%%

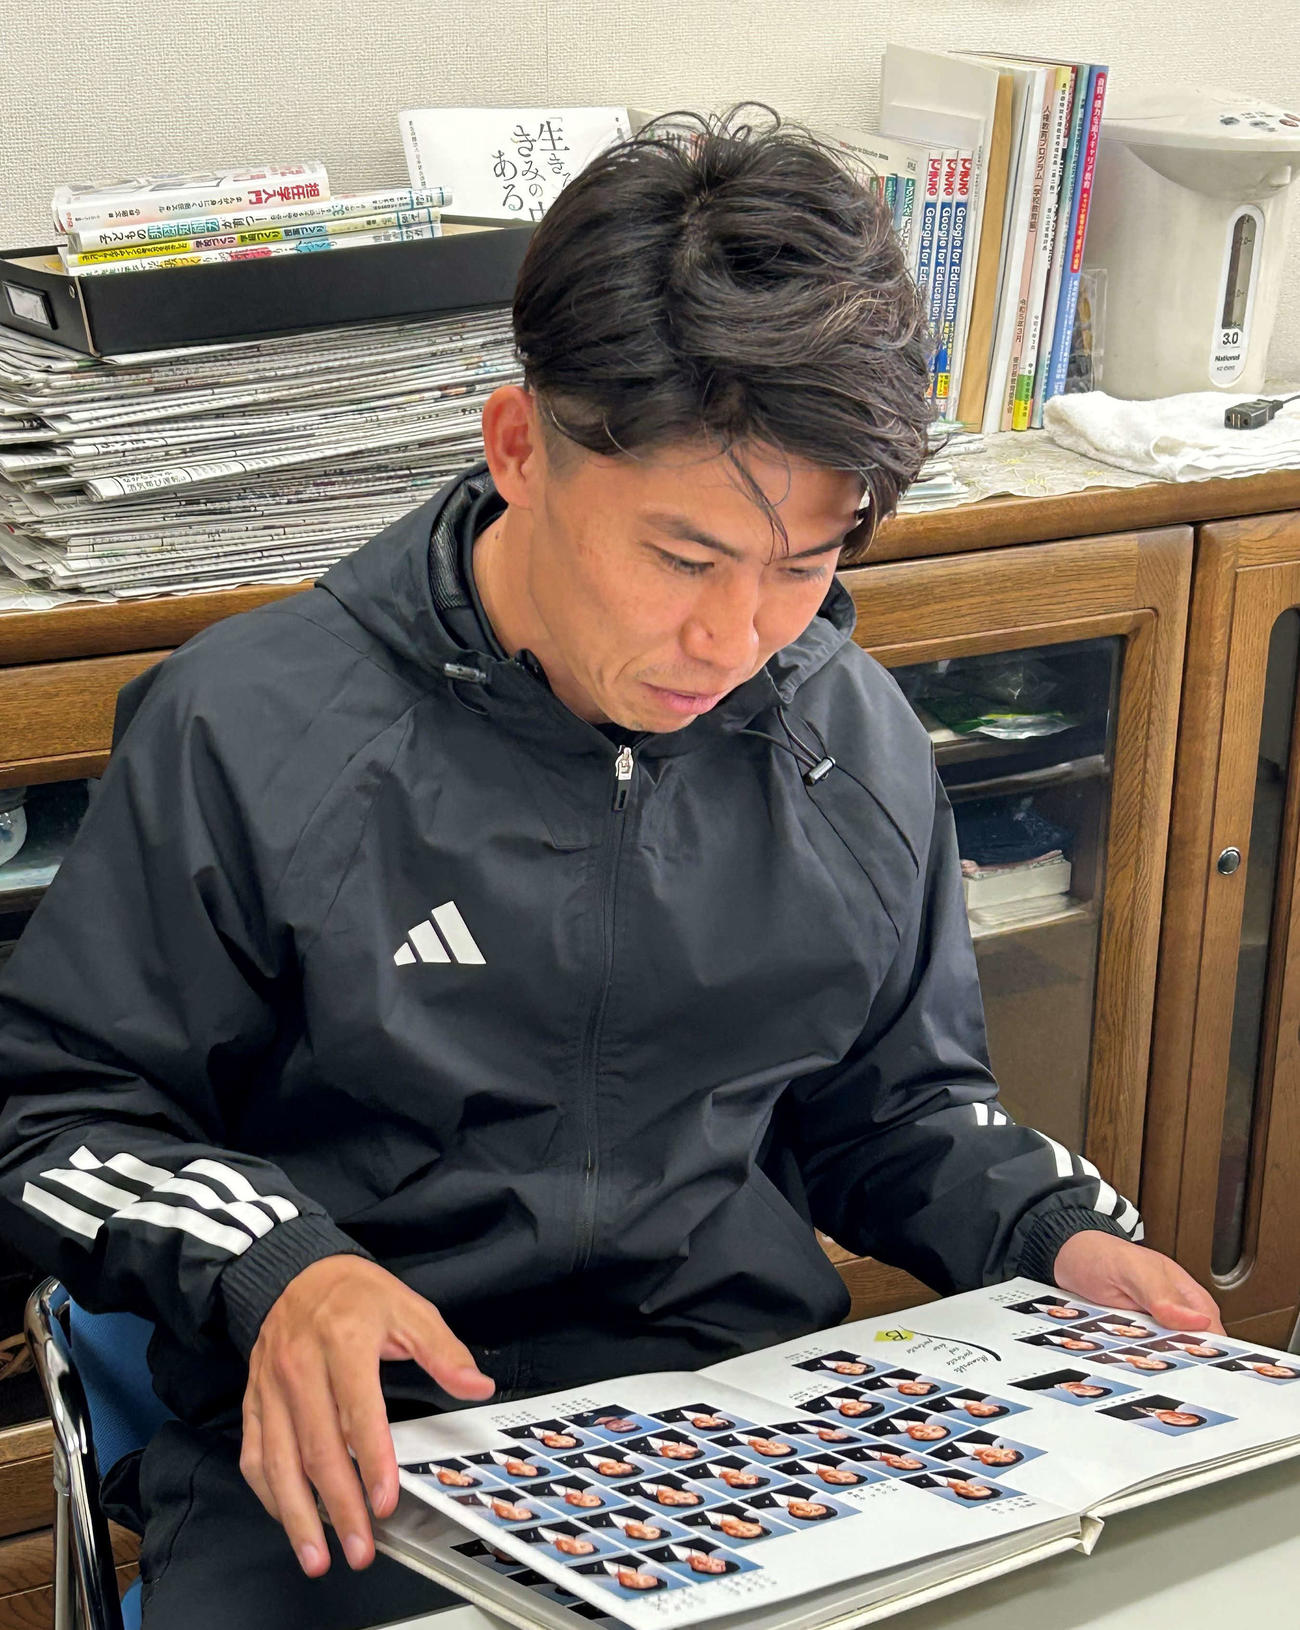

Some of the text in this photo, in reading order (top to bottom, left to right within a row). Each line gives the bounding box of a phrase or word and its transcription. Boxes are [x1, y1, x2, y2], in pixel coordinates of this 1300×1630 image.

[247, 182, 321, 206] 担任学入門
[491, 149, 524, 211] ある
[927, 158, 940, 196] できる
[943, 158, 956, 196] できる
[958, 158, 972, 196] できる
[922, 207, 935, 247] Google
[937, 207, 952, 247] Google
[952, 207, 967, 247] Google
[920, 248, 930, 264] for
[936, 248, 947, 264] for
[951, 248, 961, 264] for
[930, 266, 946, 320] Education
[945, 266, 961, 320] Education
[1222, 331, 1239, 345] 3.0
[1215, 354, 1240, 362] National
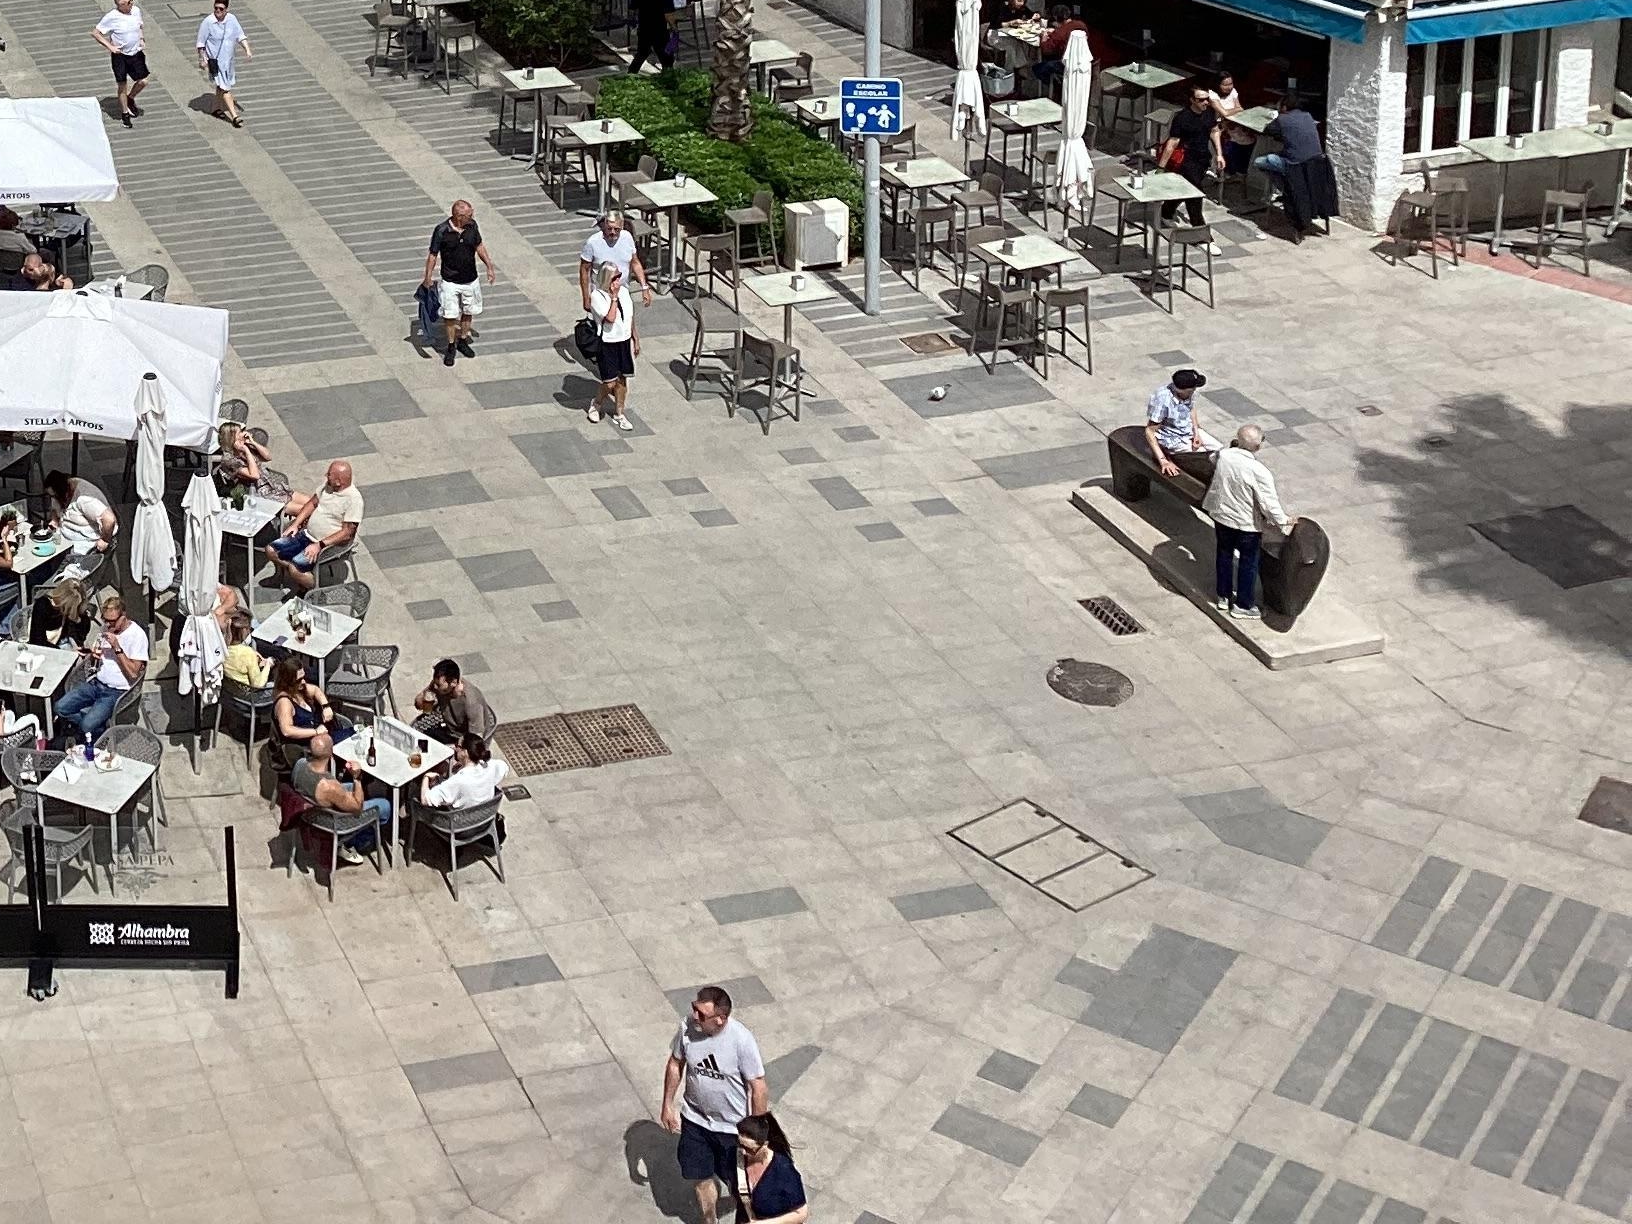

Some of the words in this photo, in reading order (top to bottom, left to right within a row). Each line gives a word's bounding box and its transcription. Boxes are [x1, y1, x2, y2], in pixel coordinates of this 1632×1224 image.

[0, 192, 31, 200] ARTOIS
[24, 417, 58, 426] STELLA
[68, 418, 104, 431] ARTOIS
[117, 923, 190, 939] Alhambra
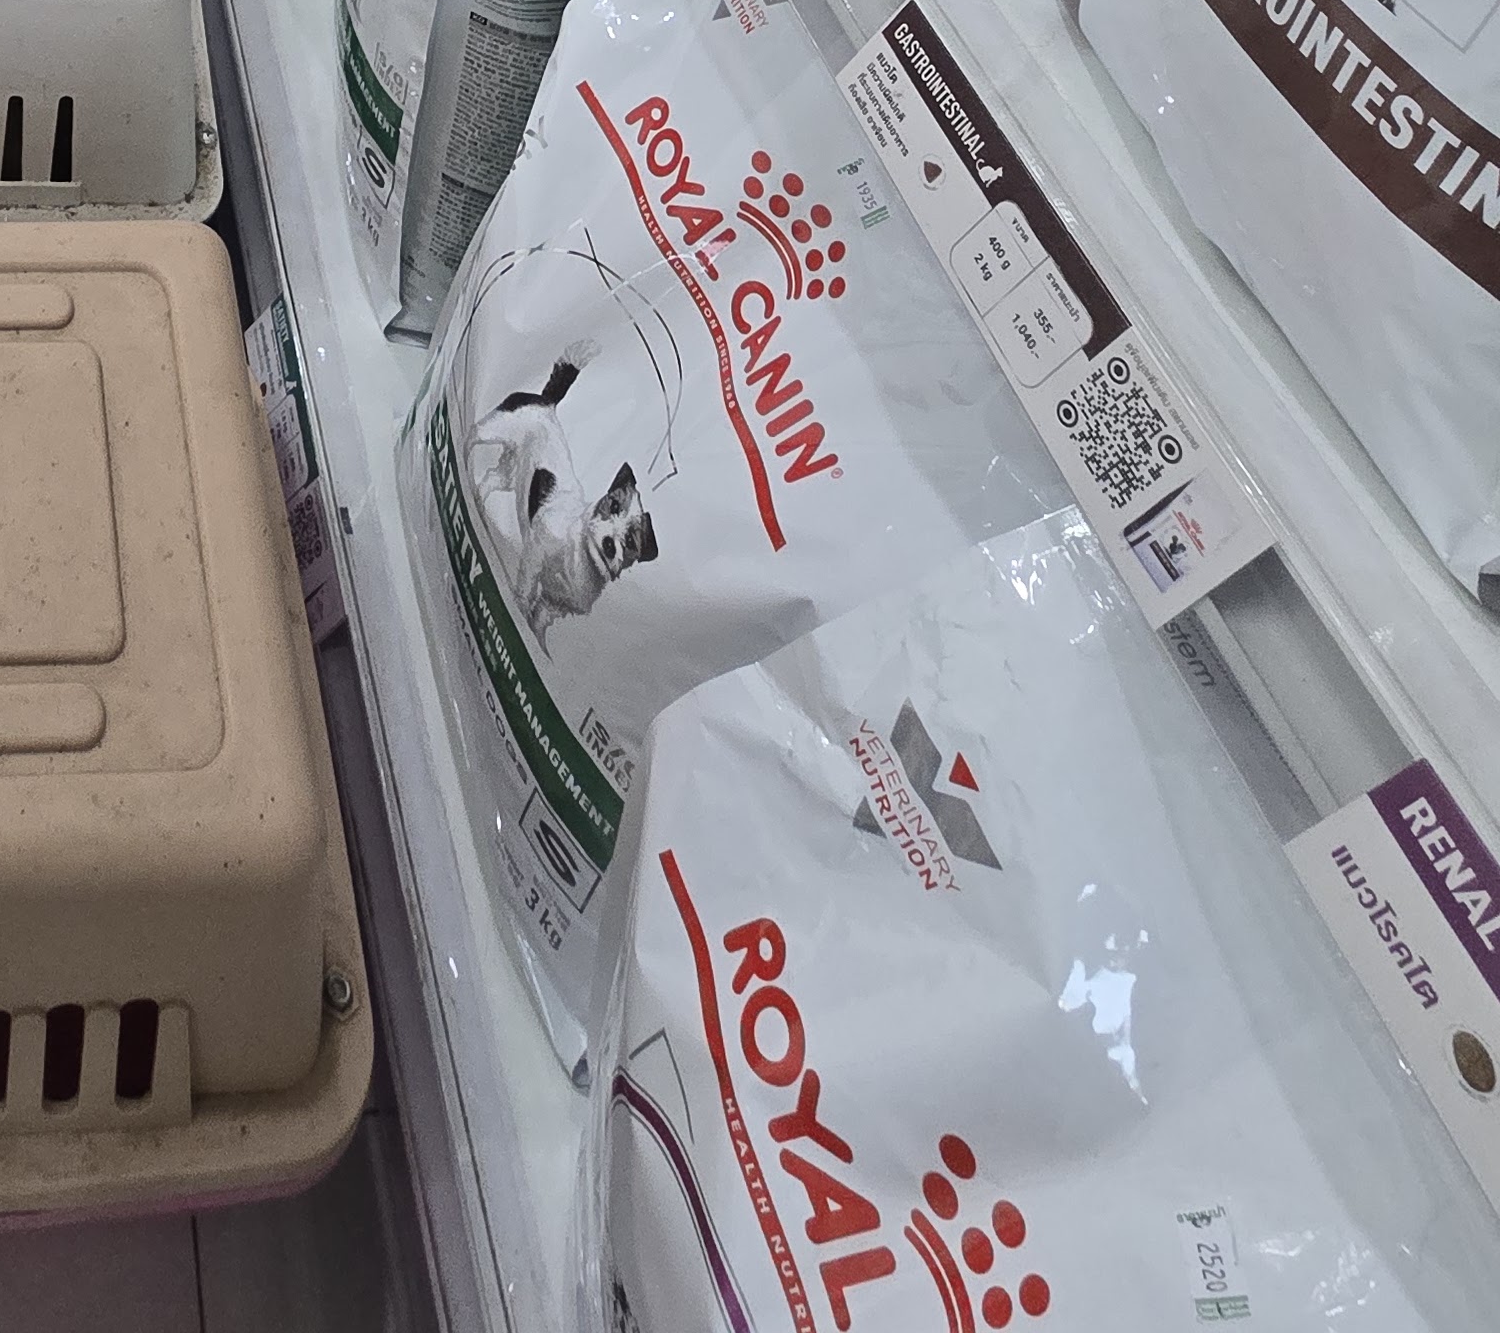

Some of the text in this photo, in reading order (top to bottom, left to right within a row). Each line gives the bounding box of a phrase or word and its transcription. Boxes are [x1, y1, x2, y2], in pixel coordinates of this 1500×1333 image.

%%

Aim of the exercise: Skip every picture and transcribe the data above exactly.

Answer for this exercise:
Some of the text in this photo, in reading order (top to bottom, left to right within a row). Each line gives the bounding box of a phrase or word and its transcription. Boxes are [x1, y1, x2, y2], in pixel coordinates of this 1300×1630 image.

[247, 182, 321, 206] 担任学入門
[491, 149, 524, 211] ある
[927, 158, 940, 196] できる
[943, 158, 956, 196] できる
[958, 158, 972, 196] できる
[922, 207, 935, 247] Google
[937, 207, 952, 247] Google
[952, 207, 967, 247] Google
[920, 248, 930, 264] for
[936, 248, 947, 264] for
[951, 248, 961, 264] for
[930, 266, 946, 320] Education
[945, 266, 961, 320] Education
[1222, 331, 1239, 345] 3.0
[1215, 354, 1240, 362] National

Some of the words in this photo, in reading order (top to bottom, left to right within a row). Each line gives a word's bounding box and its transcription. Boxes are [x1, y1, x2, y2], in pixel coordinates of this 1632×1224 image.

[0, 192, 31, 200] ARTOIS
[24, 417, 58, 426] STELLA
[68, 418, 104, 431] ARTOIS
[117, 923, 190, 939] Alhambra

Some of the text in this photo, in reading order (top to bottom, left to right within a row). Each line gives the bounding box of a phrase or word and its transcription. Boxes are [x1, y1, x2, y2], in pixel coordinates of this 1500×1333 image.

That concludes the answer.